:: Dataset records ::

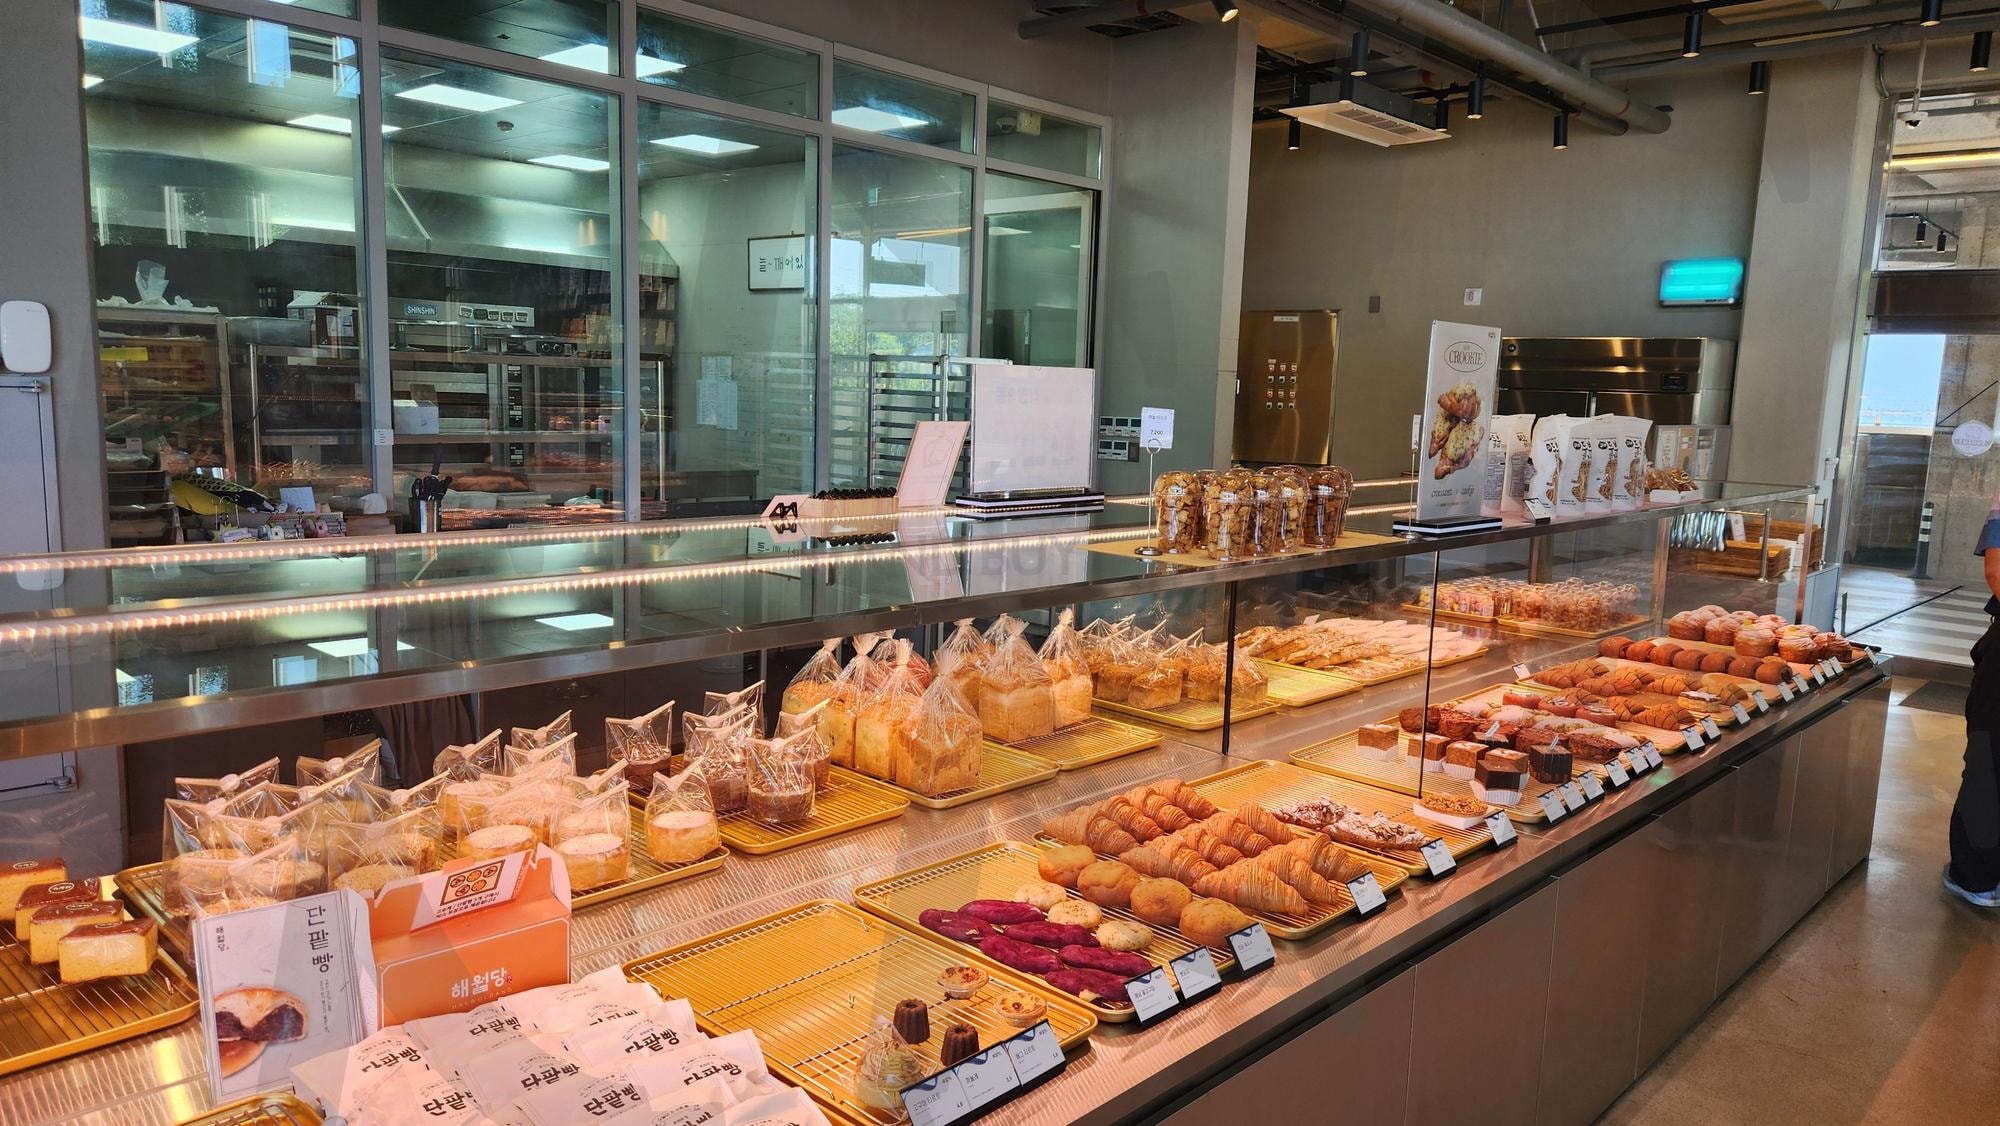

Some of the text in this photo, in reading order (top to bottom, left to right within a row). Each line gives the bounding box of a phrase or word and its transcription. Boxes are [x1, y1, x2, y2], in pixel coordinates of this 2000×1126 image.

[407, 305, 436, 315] SHINSHIN
[1449, 350, 1483, 365] CROOKIE
[305, 904, 334, 973] 단팥빵
[451, 967, 508, 998] 해월당

:::

--- What is needed ---
Return the records word for word, leaving every picture out of the copy.

--- Output for this task ---
Some of the text in this photo, in reading order (top to bottom, left to right within a row). Each line gives the bounding box of a phrase or word and its transcription. Boxes are [x1, y1, x2, y2], in pixel coordinates of this 2000×1126 image.

[407, 305, 436, 315] SHINSHIN
[1449, 350, 1483, 365] CROOKIE
[305, 904, 334, 973] 단팥빵
[451, 967, 508, 998] 해월당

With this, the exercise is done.